Tymczasem jakość snu zależy również od tego, co robimy w ciągu dnia. Aby ją poprawić, nie musisz wprowadzać rewolucyjnych zmian: wystarczy „poprawić” kilka nawyków.

Co zrobić, żeby dobrze spać?
Dobra jakość snu a tryb życia freelancera

 

Dobry sen freelancera – co zrobić rano

  • staraj się wstawać każdego dnia o tej samej porze

Jako freelancer nie musisz pojawiać się w biurze punktualnie, a to rodzi pokusę, aby spać do oporu i wstawiać, kiedy będziesz mieć ochotę. Tymczasem ludzkie ciało lubi stałość i powtarzalne cykle.

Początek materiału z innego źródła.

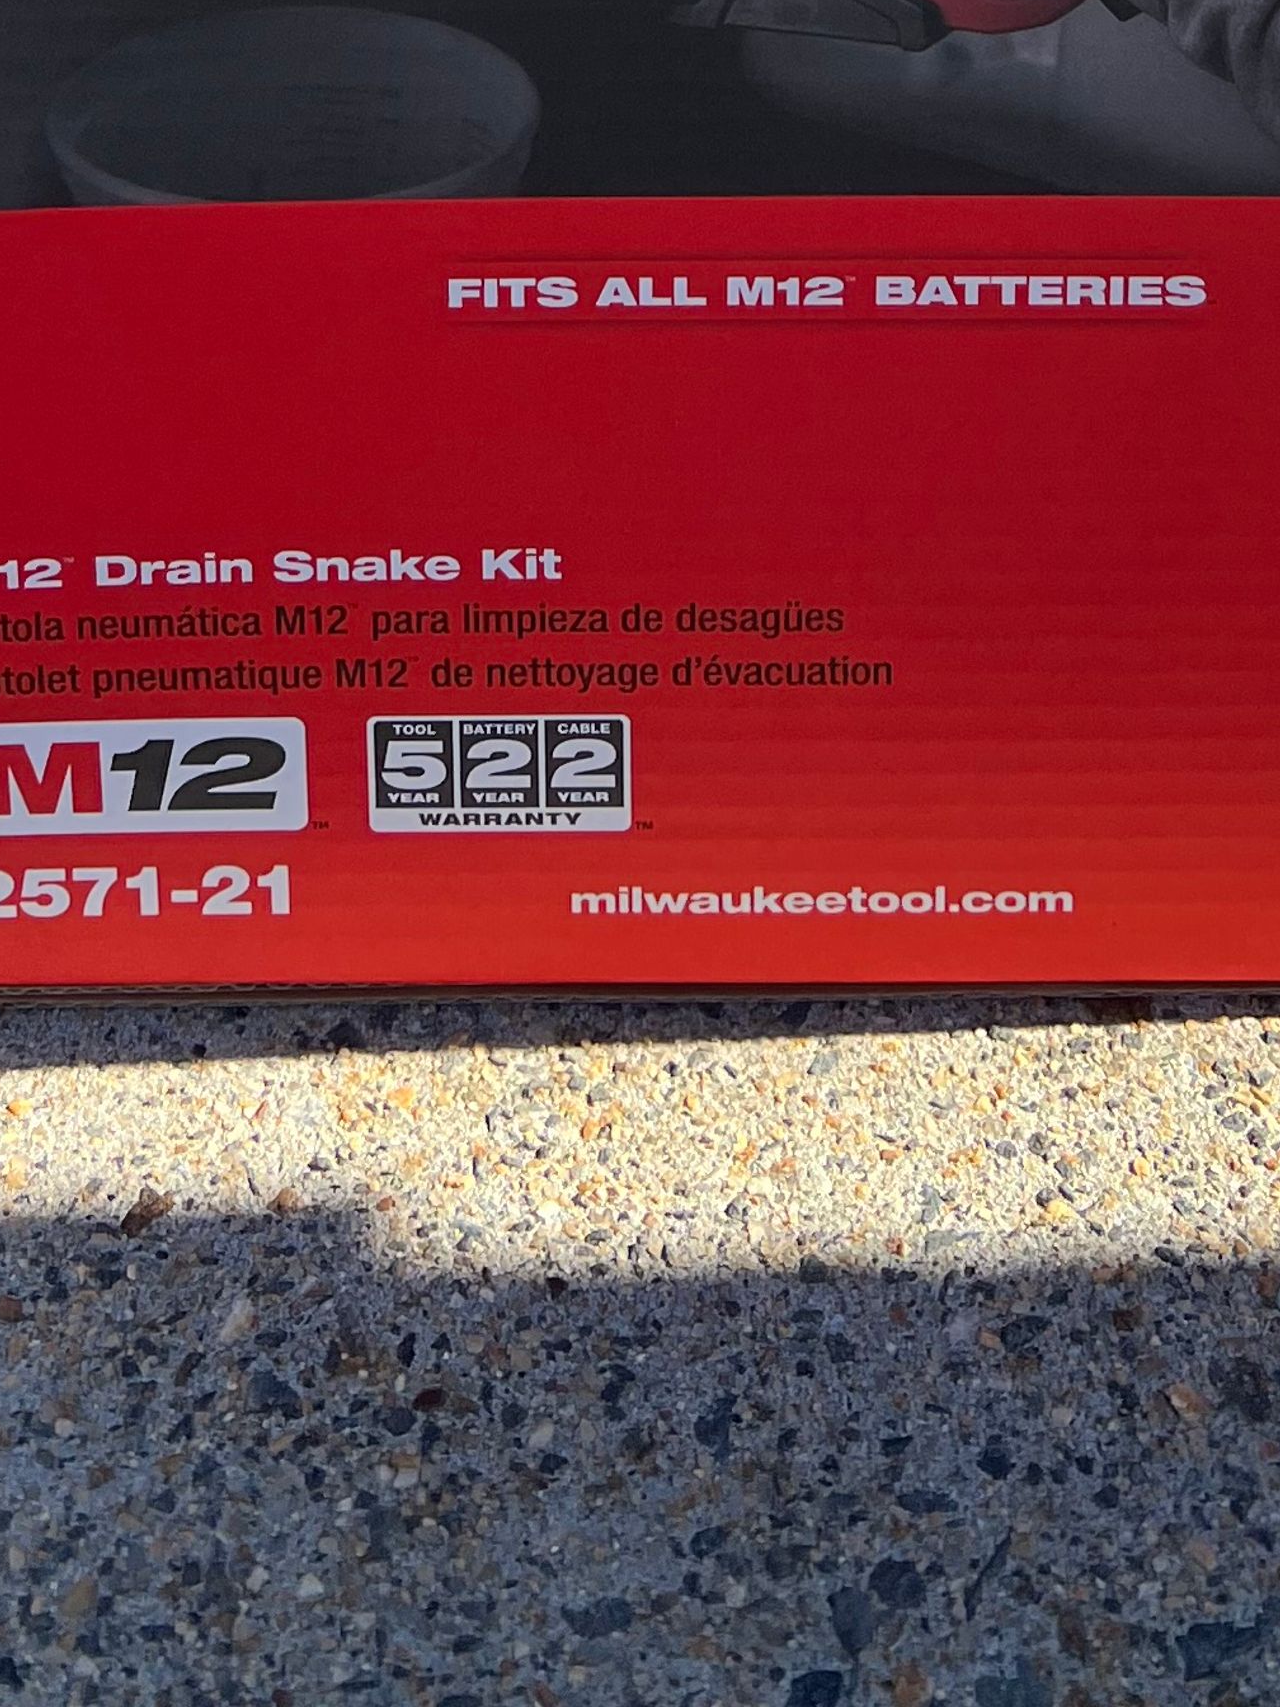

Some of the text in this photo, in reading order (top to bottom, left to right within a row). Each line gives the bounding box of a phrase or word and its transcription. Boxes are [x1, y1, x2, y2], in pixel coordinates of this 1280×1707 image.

Kiedy wstajesz o tej samej porze, regulujesz rytm dobowy, który koordynuje wydzielanie hormonów i metabolizm, powiązane z rytmem snu i czuwania. Ciało przygotowuje się do przebudzenia na godzinę do dwóch przed pobudką, dlatego wstawanie o tej samej godzinie nie wprowadza zamieszania w funkcjonowaniu organizmu tak, jak robi to nieregularne wstawanie.

 

  • zapomnij o drzemkach w budziku

A jeśli możesz, w ogóle z niego zrezygnuj – ciało i tak jest gotowe do obudzenia się na godzinę przed alarmem, a w tej fazie snu poziom adrenaliny i kortyzolu jest nieco wyższy. Dźwięk budzika nie tylko zwiększa stres, ale również skraca naturalne budzenie się.

Drzemka to tak naprawdę miła iluzja. Myślisz, że złapiesz jeszcze trochę snu, ale wciąż oczekujesz kolejnego sygnału alarmu, więc jedynie drzemiesz. Taka drzemka nie sprzyja regeneracji sił, ale również zaburza naturalny rytm snu.

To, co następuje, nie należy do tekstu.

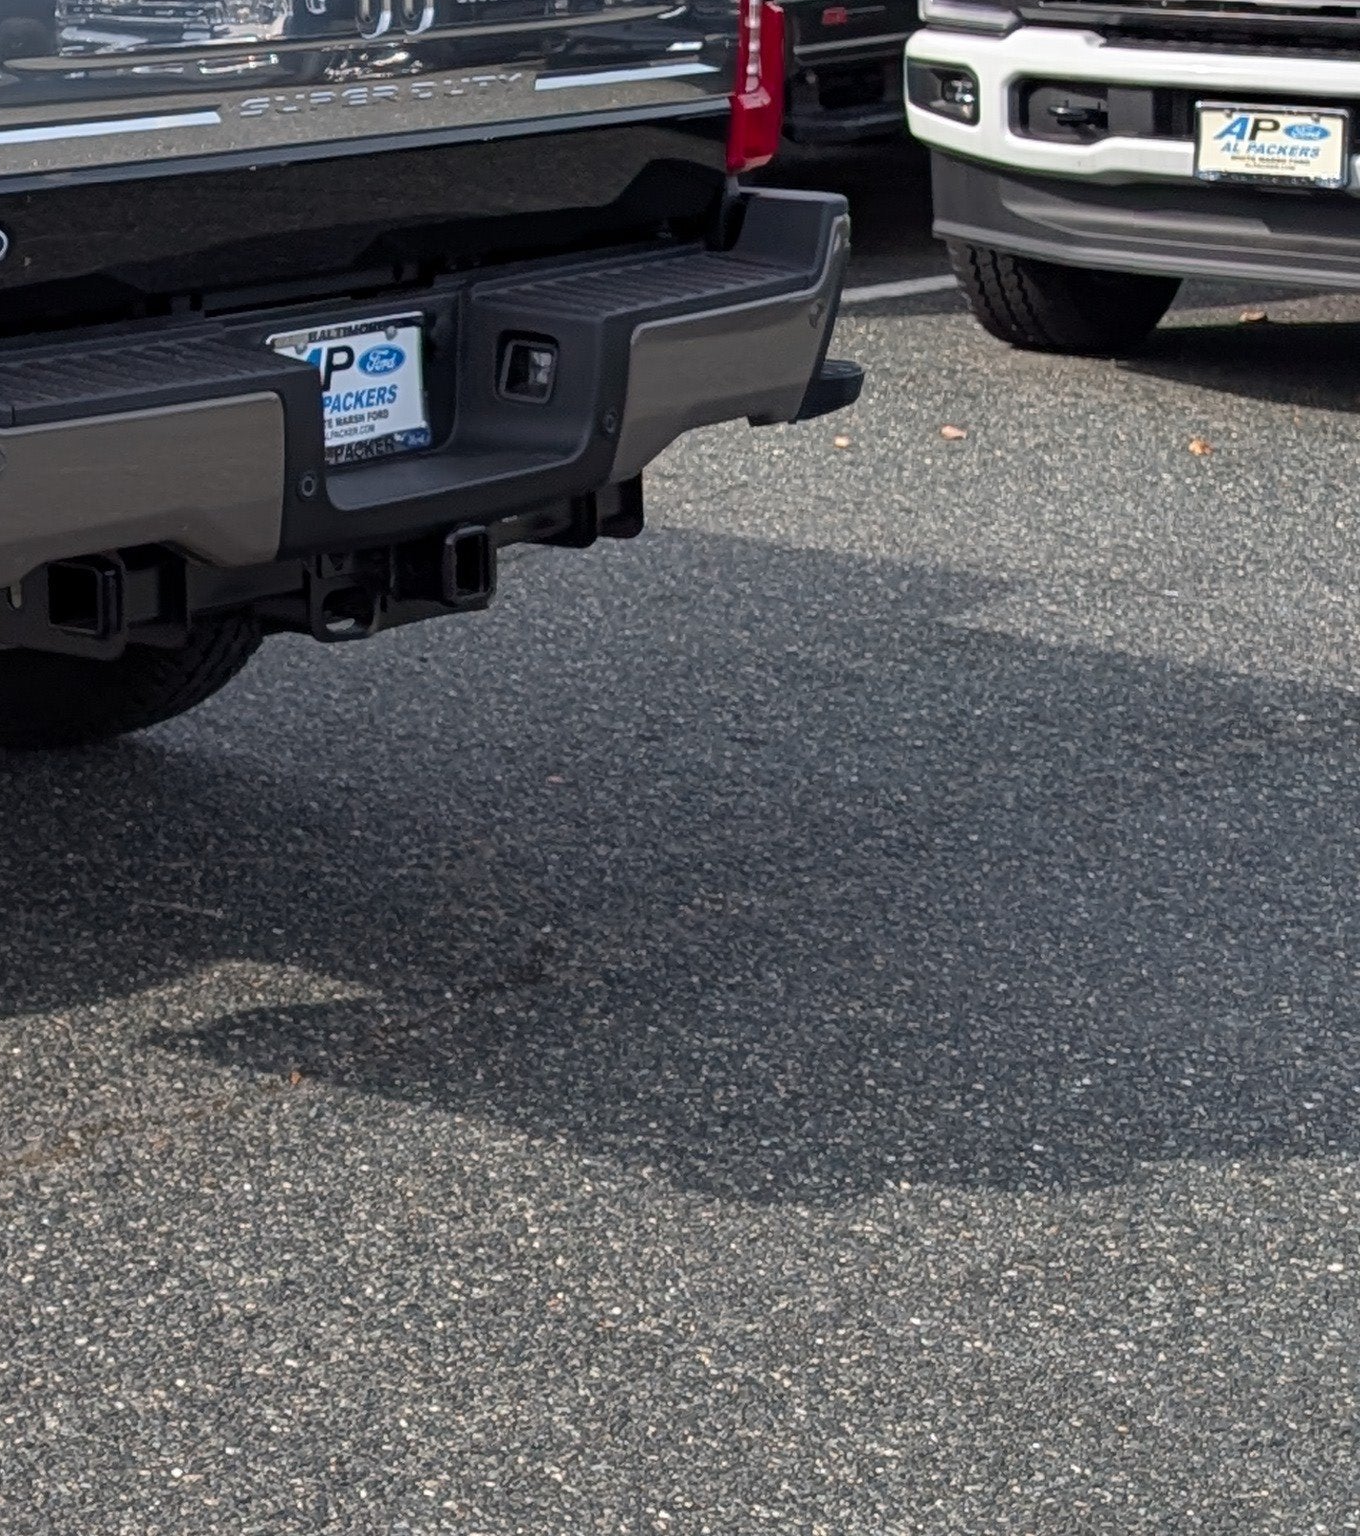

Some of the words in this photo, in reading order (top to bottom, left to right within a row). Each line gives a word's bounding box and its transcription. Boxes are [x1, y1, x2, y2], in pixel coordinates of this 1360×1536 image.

[239, 83, 399, 117] SUPER
[410, 71, 522, 100] DUTY
[1213, 117, 1281, 141] AP
[1220, 143, 1239, 153] AL
[1246, 144, 1321, 159] PACKERS
[322, 384, 398, 414] PACKERS

Zamiast drzemek ustaw budzik na najpóźniejszą porę, o jakiej musisz wstać i po prostu śpij do oznaczonej godziny.

 

Wypoczynek freelancera – co zrobić popołudniu

  • unikaj drzemek dłuższych niż 20 minut

Drzemki są dobrym sposobem na odzyskanie spił (pisaliśmy o tym TU), ale pod warunkiem, że nie trwają więcej niż 20 minut. Dłuższe drzemki sprawiają, że wchodzisz w fazę głębokiego snu, z której trudniej jest się obudzić.

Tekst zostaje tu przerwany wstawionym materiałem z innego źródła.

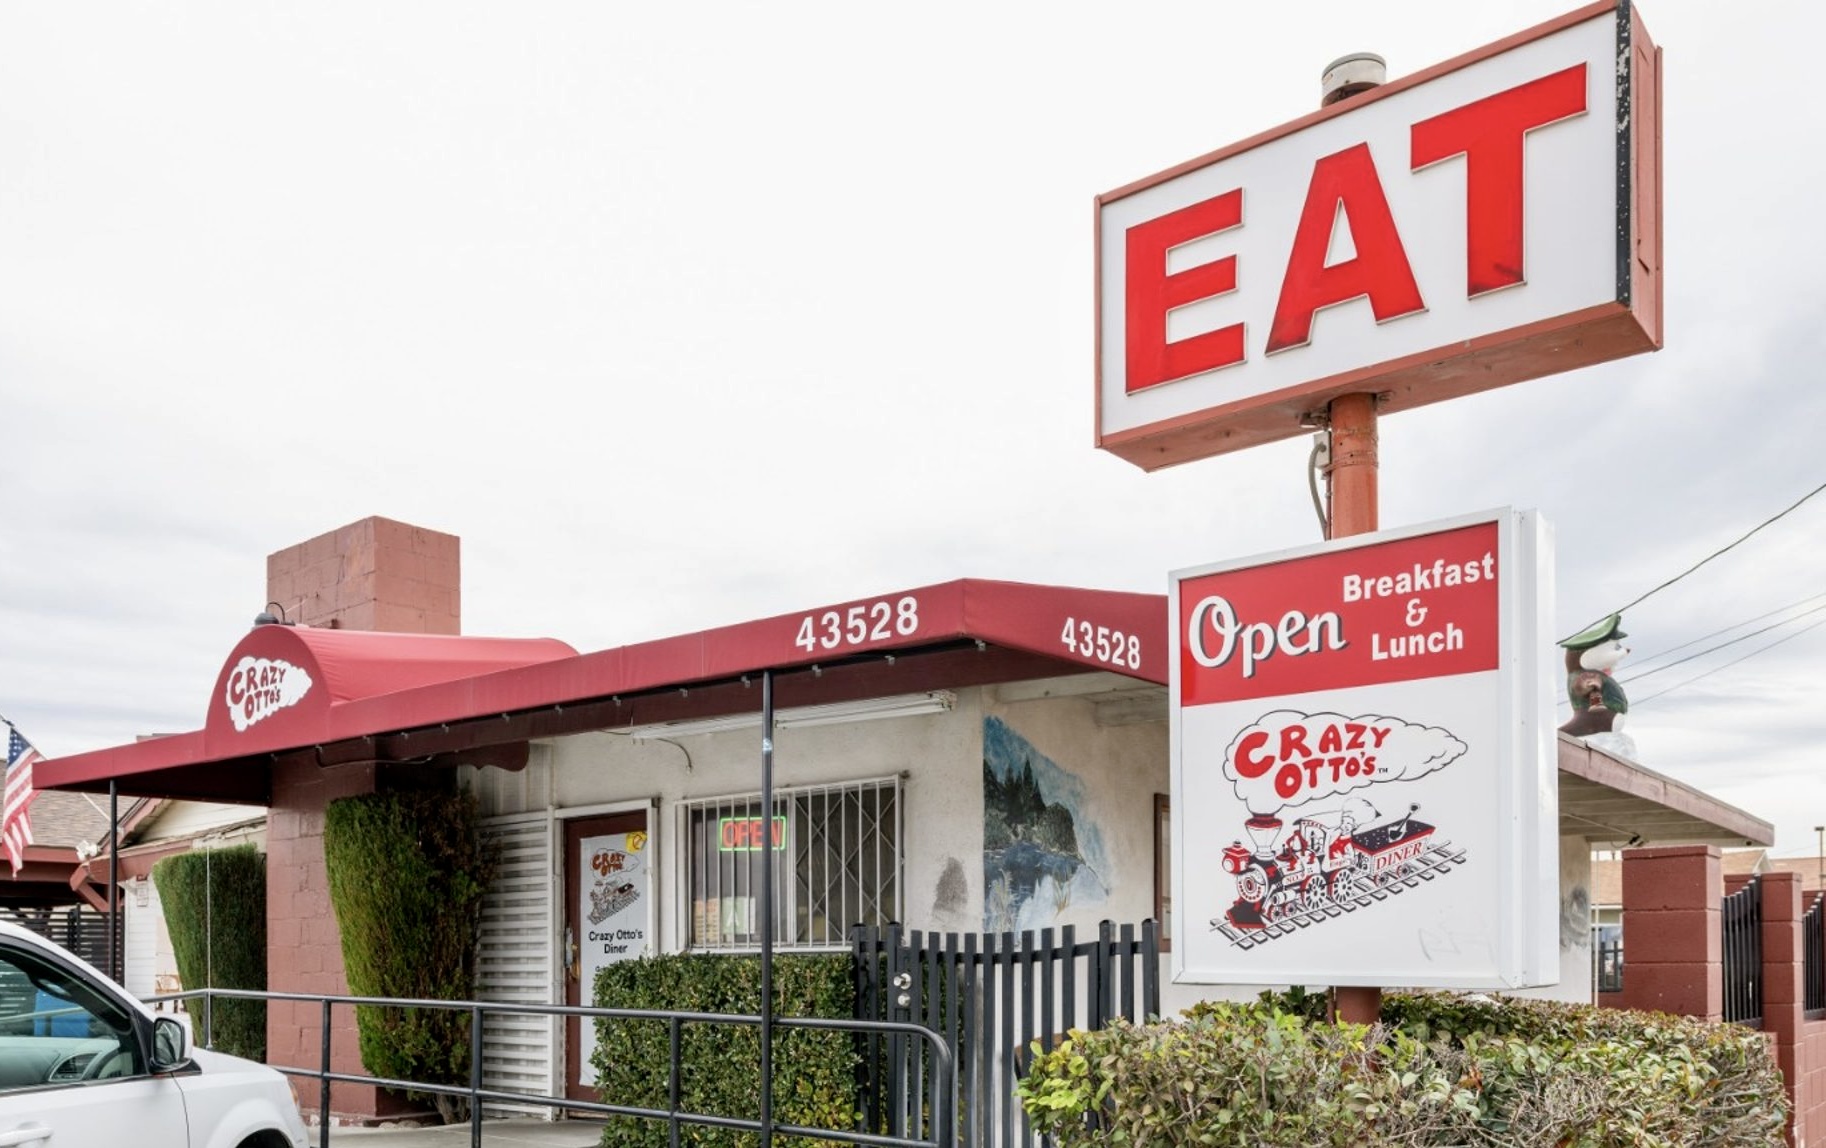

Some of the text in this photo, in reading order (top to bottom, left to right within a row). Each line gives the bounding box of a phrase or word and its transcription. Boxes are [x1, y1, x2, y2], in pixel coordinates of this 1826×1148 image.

[1125, 61, 1588, 395] EAT
[1343, 551, 1495, 602] Breakfast
[795, 596, 919, 652] 43528
[1406, 598, 1428, 627] &
[1061, 617, 1141, 670] 43528
[1189, 595, 1347, 678] Open
[1371, 623, 1464, 661] Lunch
[230, 666, 286, 705] CRAZY
[244, 685, 281, 720] OTTO'S
[1234, 723, 1392, 779] CRAZY
[1274, 751, 1377, 799] OTTO'S
[722, 821, 783, 847] OPEN
[1375, 842, 1422, 870] DINER
[588, 929, 644, 943] Crazy Otto's
[604, 943, 628, 954] Diner

Jeśli planujesz drzemkę, postaraj się, aby nie trwała dłużej niż 20 minut – nastaw budzik, aby nie „odpłynąć”. Dzięki temu wstaniesz świeży i wypoczęty. Unikaj również drzemek późnym popołudniem: to sprawi, że zaśnięcie wieczorem będzie trudniejsze.

 

  • dbaj o dietę bogatą w białko i złożone węglowodany

Dieta ma znaczący wpływ na jakość naszego snu. Dlaczego tak się dzieje? Wysokoenergetyczne białko i złożone węglowodany sprawiają, że poziom cukru we krwi rośnie wolniej, dłużej jesteśmy syci, a przy tym unikamy senności po obiedzie.

 

  • spędzaj czas na słońcu i na aktywności ruchowej

Światło, które pochłaniamy w ciągu dnia, również wpływa na nasz rytm dobowy i jakość snu. Reguluje ono „wewnętrzny zegar” podpowiadając, kiedy nastaje pora na sen.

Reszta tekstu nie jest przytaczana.